(AGENPARL) – ven 14 luglio 2023 A weekly compendium of media reports on science and technology achievements at Lawrence Livermore National Laboratory. Though the Laboratory reviews items for overall accuracy, the reporting organizations are responsible for the content in the links below.
LLNL Report, July 14, 2023
LLNL Director Kim Budil was selected by Fast Company as one of the Most Creative People in Business for 2023.
[She’s in the fast lane](https://www.hpcwire.com/off-the-wire/llnl-director-kim-budil-named-one-of-fast-companys-2023-most-creative-people-in-business/)
Lawrence Livermore Director Kim Budil has been selected by Fast Company as one of the Most Creative People in Business for 2023. The annual list, in its 15th year, recognizes individuals making an impact in society via daring achievements in their chosen fields, from tech to design to healthcare.

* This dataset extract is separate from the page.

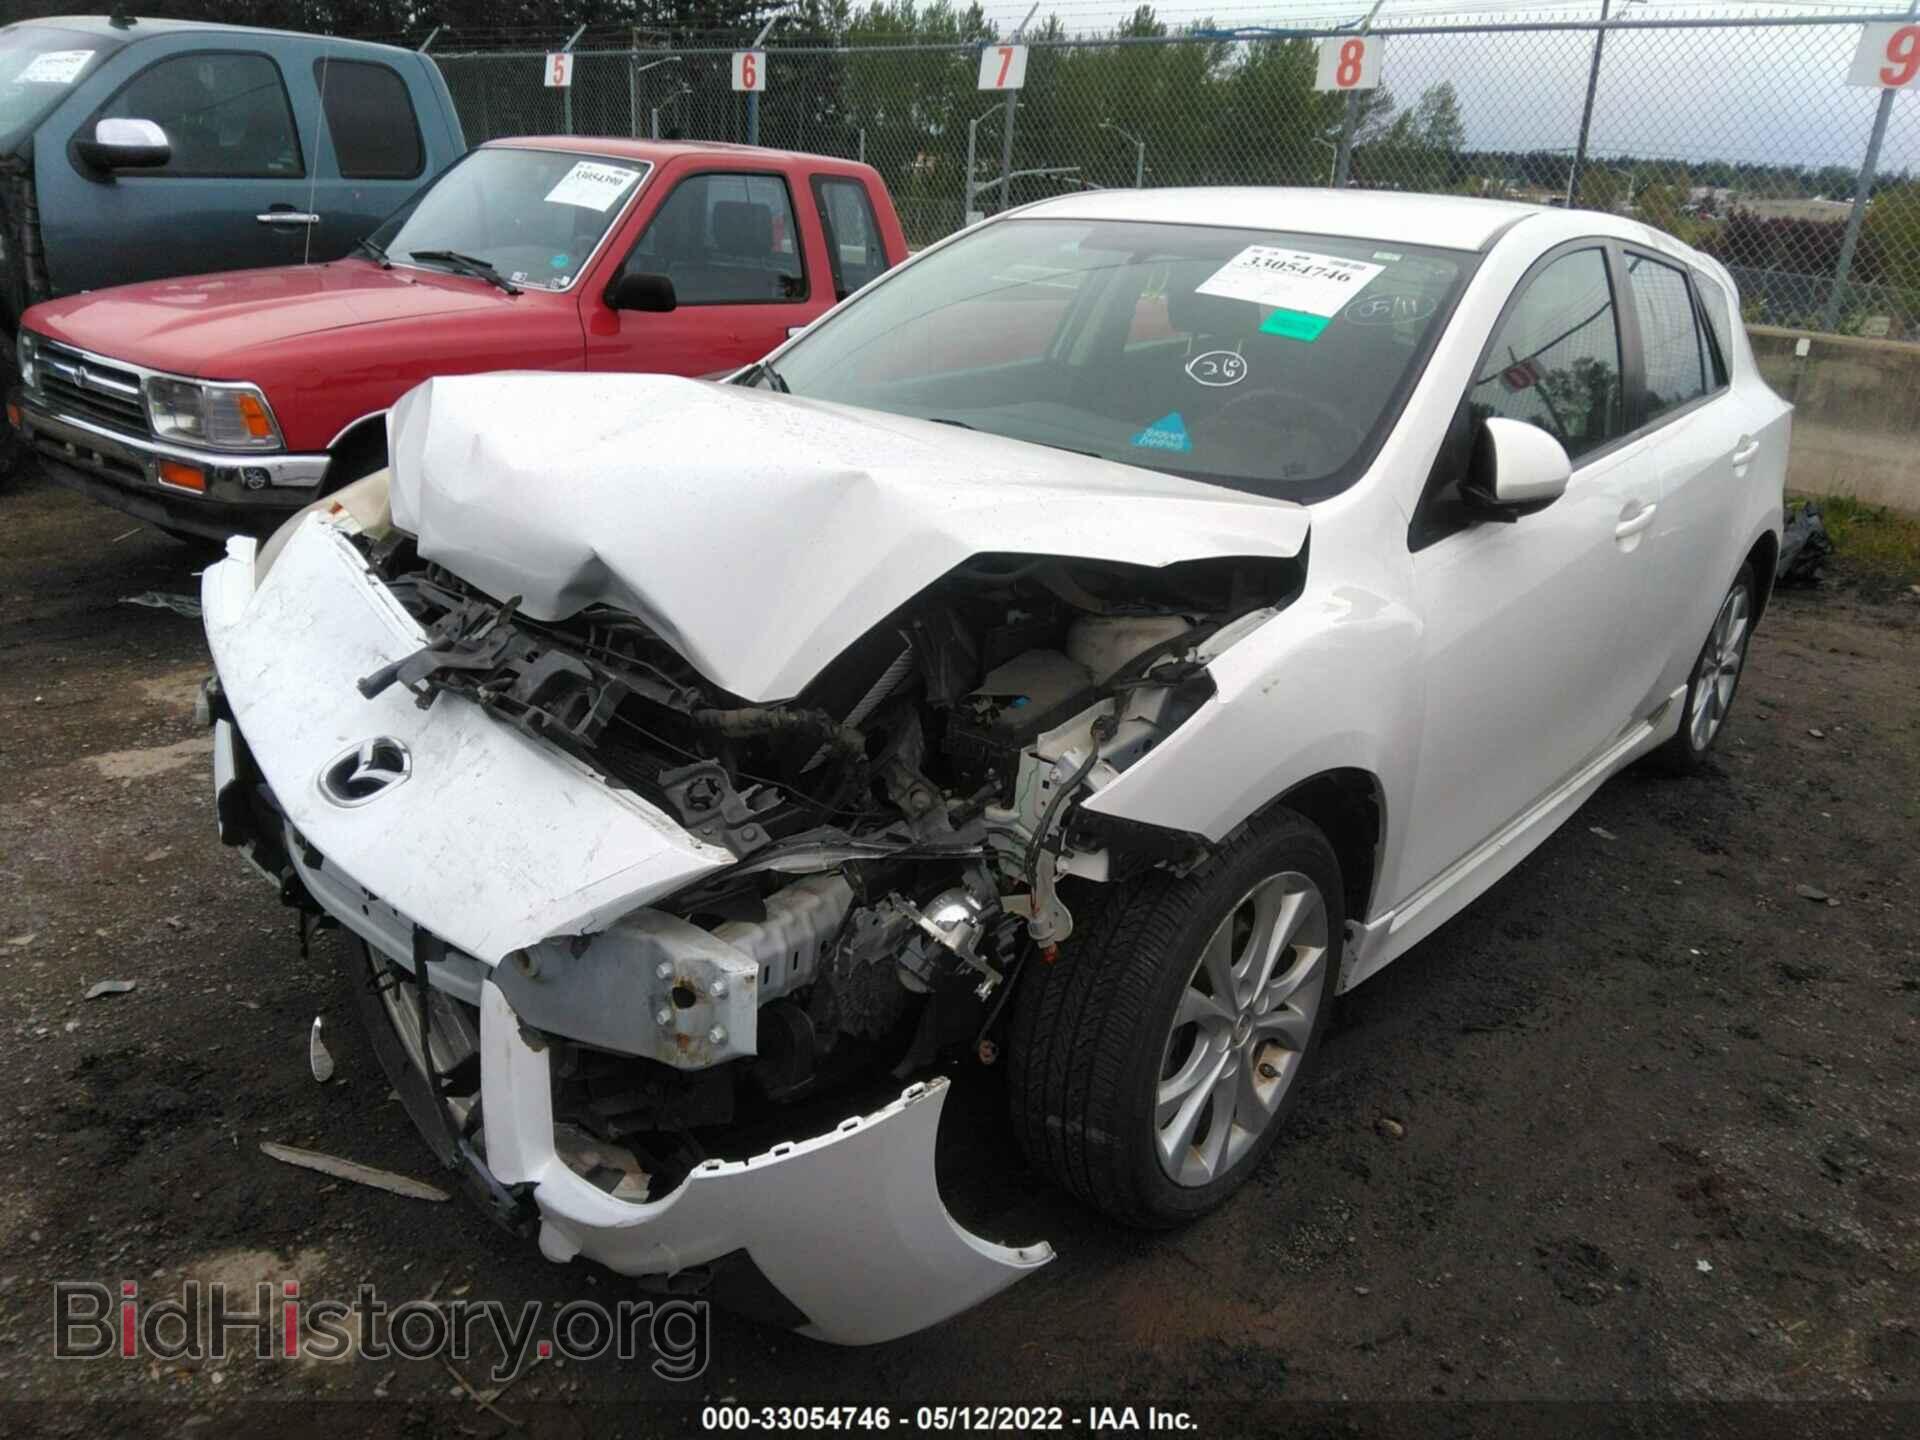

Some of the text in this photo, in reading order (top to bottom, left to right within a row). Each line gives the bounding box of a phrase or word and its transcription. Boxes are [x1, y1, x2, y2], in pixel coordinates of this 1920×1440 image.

Budil was selected for leading the team that achieved nuclear fusion ignition.
“At LLNL, more than 8,300 people are dedicated to harnessing leading-edge science and technology to address some of the most significant challenges in national security and global stability facing our nation and the world. This work requires exceptional creativity and real technical innovation – “Big Ideas” – to enable meaningful impact,” Budil said. “It is an honor to be recognized alongside other leaders who strive to make a difference.”

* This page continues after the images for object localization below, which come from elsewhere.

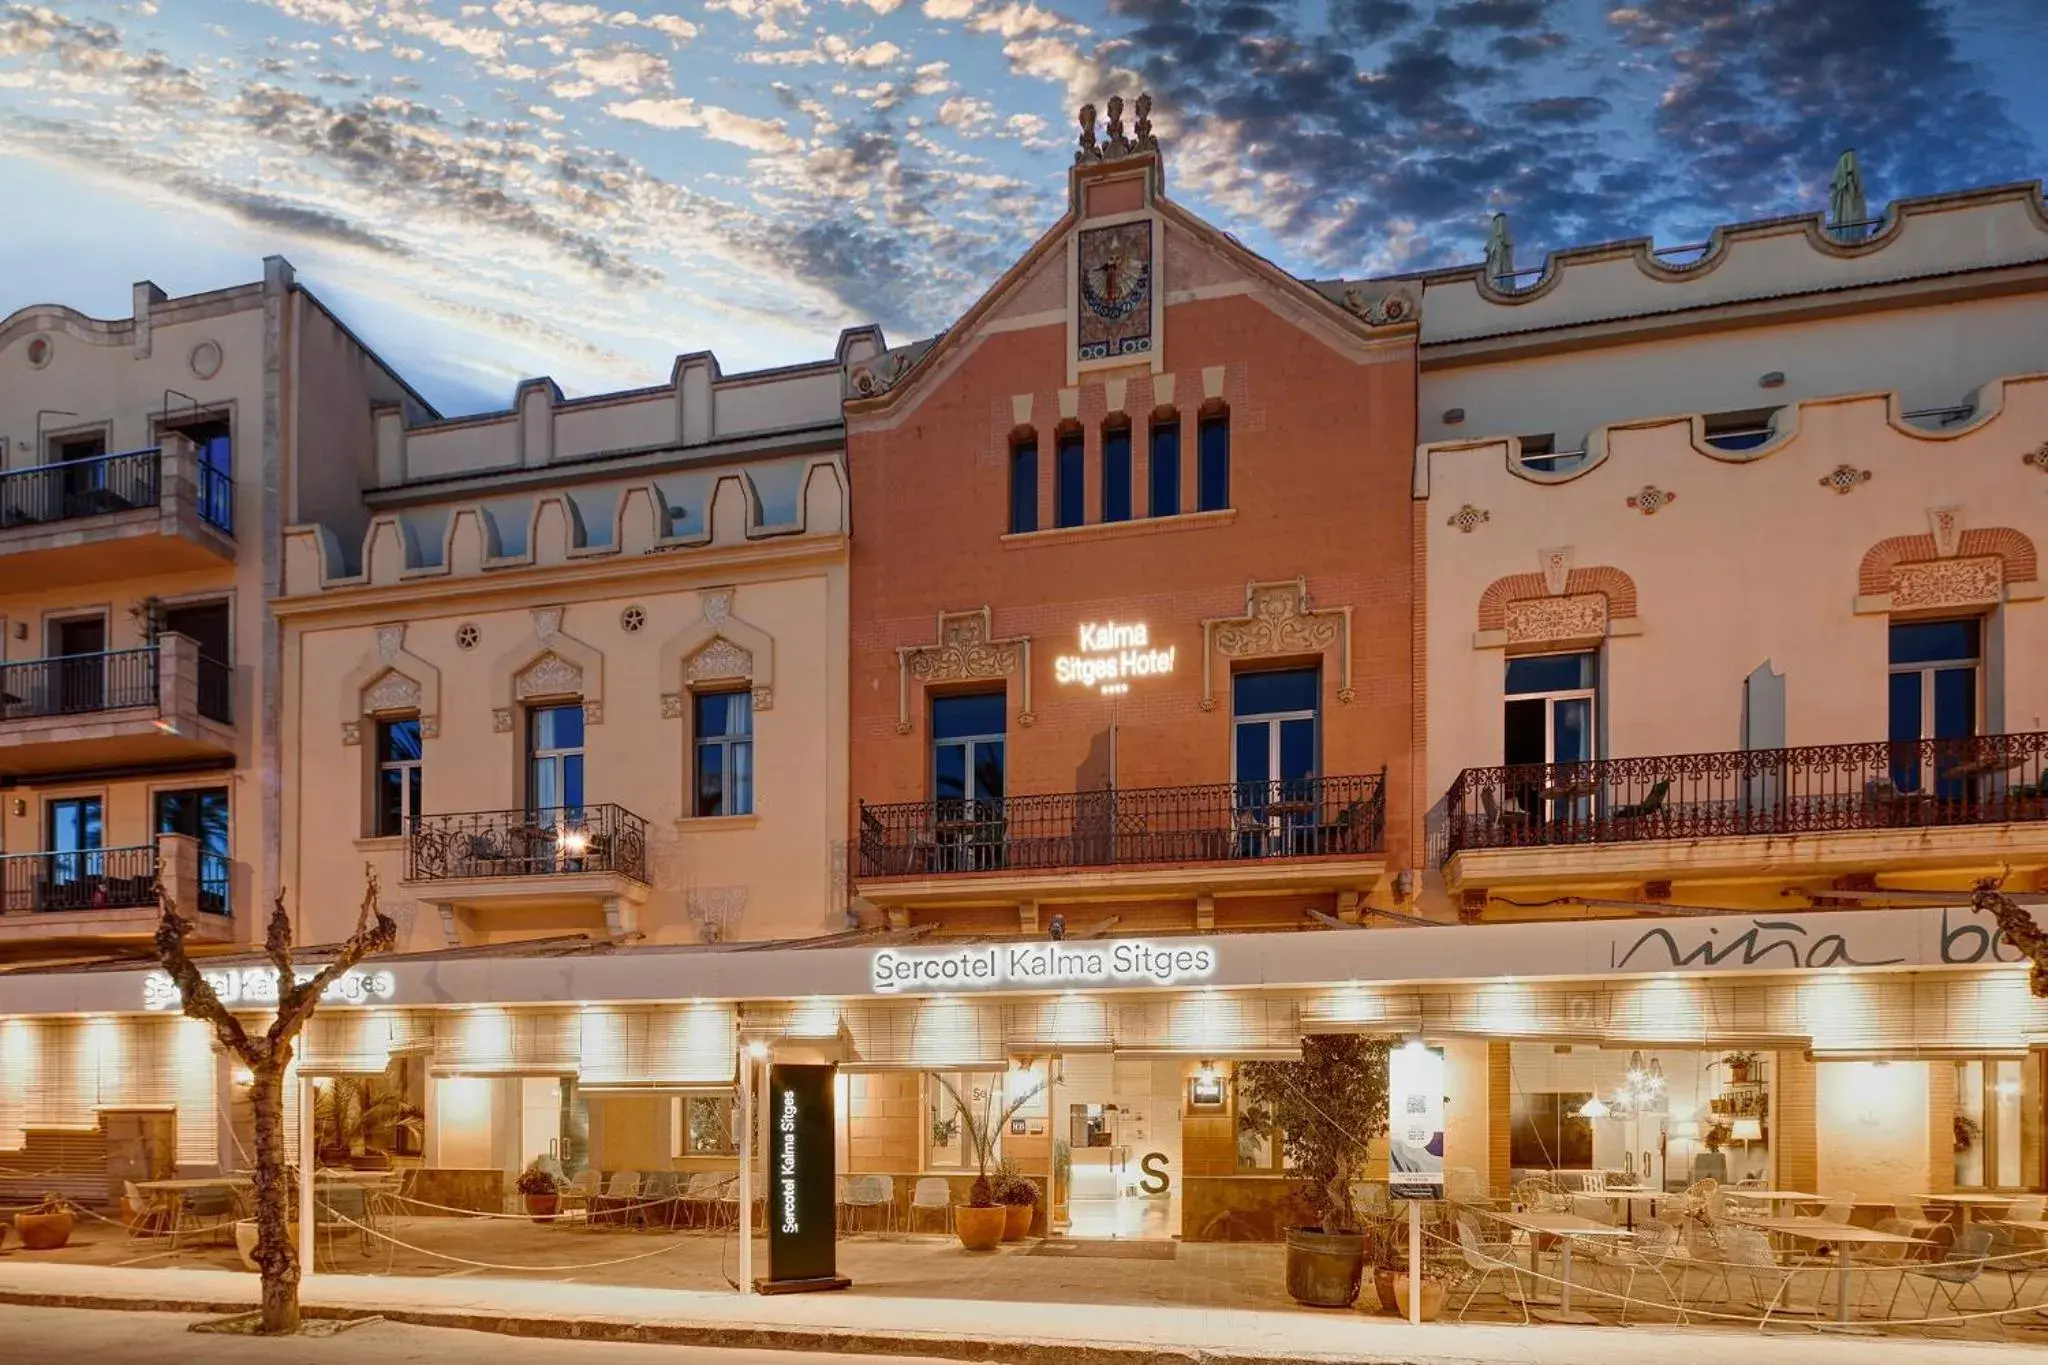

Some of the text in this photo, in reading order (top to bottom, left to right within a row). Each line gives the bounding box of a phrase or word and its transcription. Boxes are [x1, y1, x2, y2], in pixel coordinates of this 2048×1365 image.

[1079, 621, 1148, 652] Kalma
[1055, 644, 1175, 686] Sitges Hotel
[1611, 919, 1905, 968] niña
[876, 944, 1210, 988] Sercotel Kalma Sitges
[781, 1090, 798, 1233] Sercotel Kalma Sitges
[1140, 1152, 1169, 1194] S

Fast Company selects individuals who used their innovative thinking to make a meaningful impact on the world, highlighting a diverse group of founders, executives, designers, engineers, activists, entertainers and others who are breaking important ground in their industries and represent the future of business.

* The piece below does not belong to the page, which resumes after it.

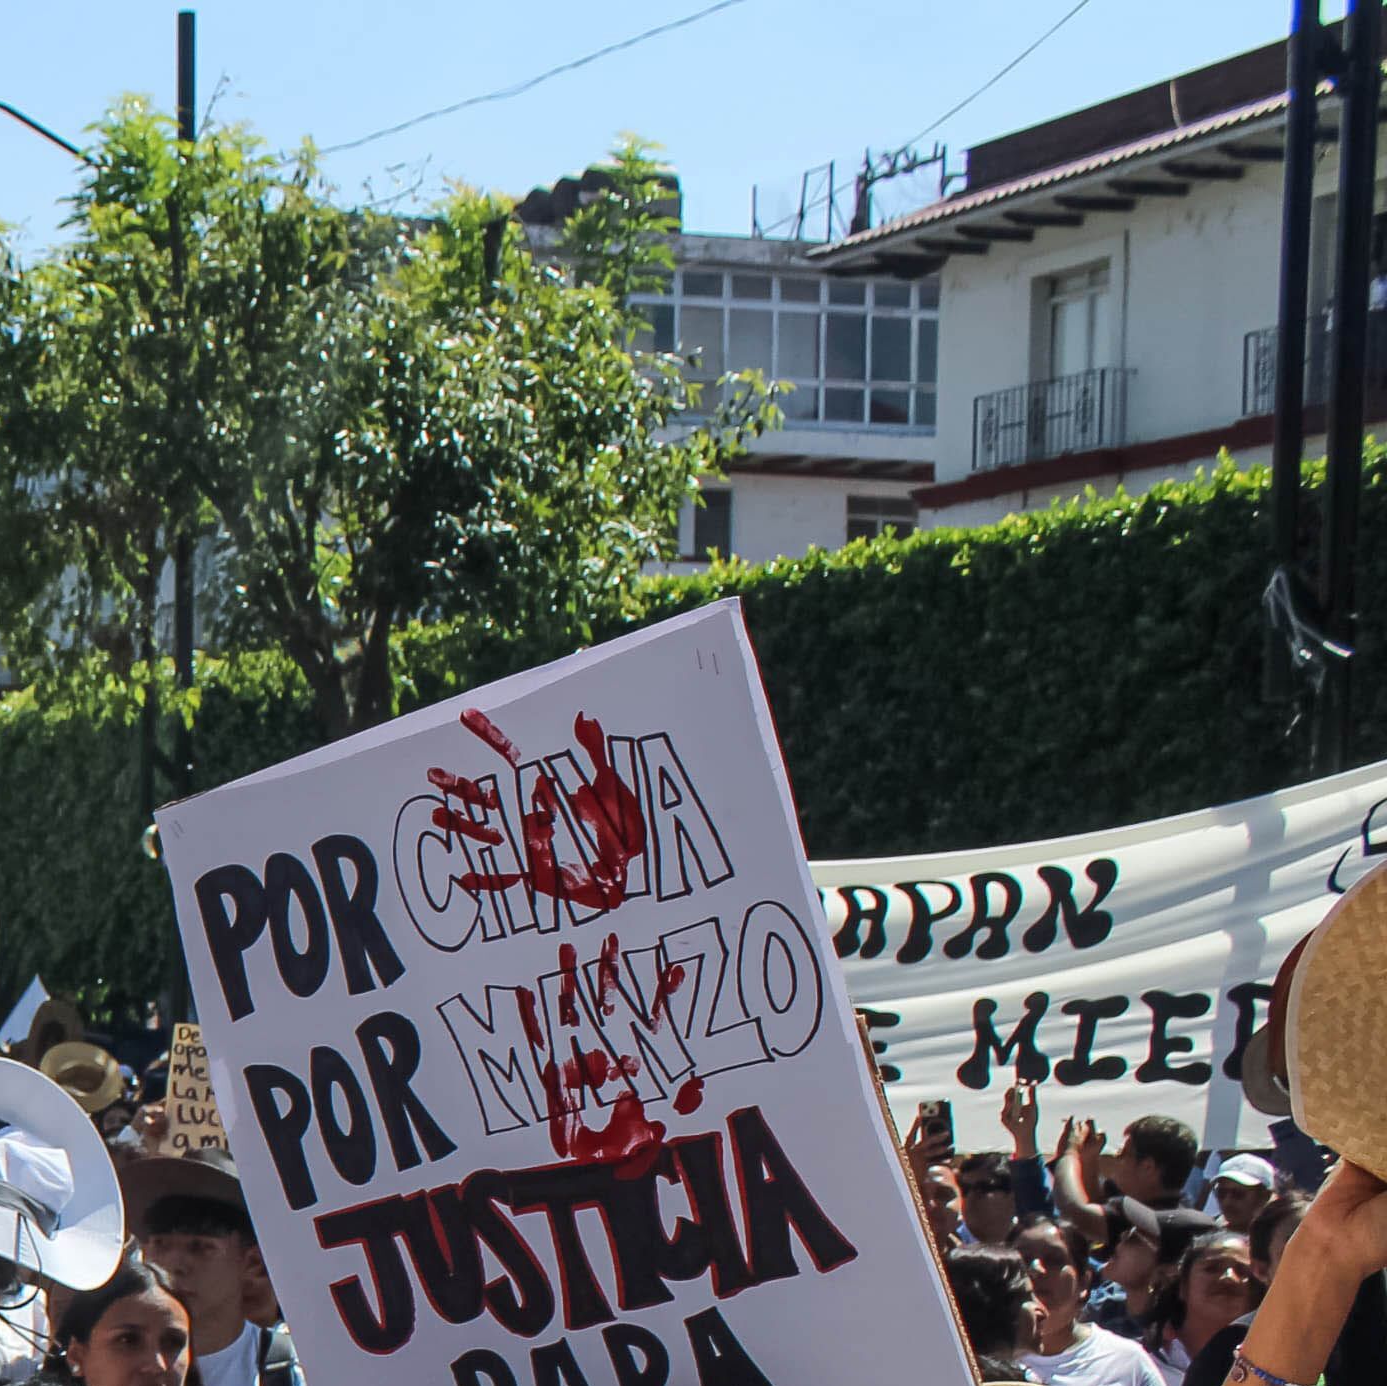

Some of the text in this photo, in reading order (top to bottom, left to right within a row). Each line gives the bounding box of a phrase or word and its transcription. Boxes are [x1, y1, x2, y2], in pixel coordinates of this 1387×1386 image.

[195, 732, 734, 1020] POR CHAVA
[819, 859, 1120, 964] APAN
[246, 900, 822, 1210] POR MANZO
[316, 1107, 858, 1356] JUSTICIA

[Read More](https://www.hpcwire.com/off-the-wire/llnl-director-kim-budil-named-one-of-fast-companys-2023-most-creative-people-in-business/)
El Capitan supercomputer installation is under way at Lawrence Livermore National Laboratory. Photo by Garry McLeod/LLNL
[Reaching the top of the mountain](https://www.nextplatform.com/2023/07/10/lining-up-the-el-capitan-supercomputer-against-the-ai-upstarts/)
The question is no longer whether or not the “El Capitan” supercomputer that has been in the process of being installed at Lawrence Livermore National Laboratory for the past week – with photographic evidence to prove it – will be the most powerful system in the world. The question is how long it will hold onto that title.
It could be for quite a long time, as it turns out. Because when it comes to the big AI supercomputers that AI startups are funding, to use an old adage that described IBM systems in the 1990s: “You can find better, but you can’t pay more.”
It doesn’t look like any of the major HPC centers at the national labs around the globe are going to field a persistent machine – meaning not an ephemeral cloudy instance that is fired up for long enough to run the High Performance Linpack test in double precision floating point that is used to gauge the relative performance of machines and rank them on [the Top500 list](https://www.top500.org/) – that can beat El Capitan, which depending on our mood and our math we think could weigh in at around 2.3 exaflops peak FP64 performance, about 37% more FP64 oomph than the 1.68 exaflops “Frontier” supercomputer at Oak Ridge National Laboratory that has been the most powerful machine on the Top500 list since June 2022.
[Read More](https://www.nextplatform.com/2023/07/10/lining-up-the-el-capitan-supercomputer-against-the-ai-upstarts/)
Researchers have devised a new technique for steel production. Image courtesy ofCleveland-Cliffs Inc.
[Making a greener steel](https://thedaily.case.edu/working-to-make-steel-greener-cleaner/)
Lawrence Livermore National Laboratory scientists and collaborators are developing a new zero-carbon, electrochemical process to produce iron metal from ore.
If successful, the project could be a first step toward eliminating harmful greenhouse gas emissions by eventually replacing century-old, blast-furnace ironmaking with a new electrolytic-iron production process. Reducing iron ore to metal is carbon- and energy-intensive, leading to significant carbon-dioxide emissions that drive global warming.
Ironmaking in a blast furnace involves combining carbon and iron ore at very high temperatures to “reduce” the iron ore to “pig iron,” the key raw material in the steel industry, according to the Department of Energy. But when carbon reacts with oxygen from the ore, the result is carbon dioxide gas.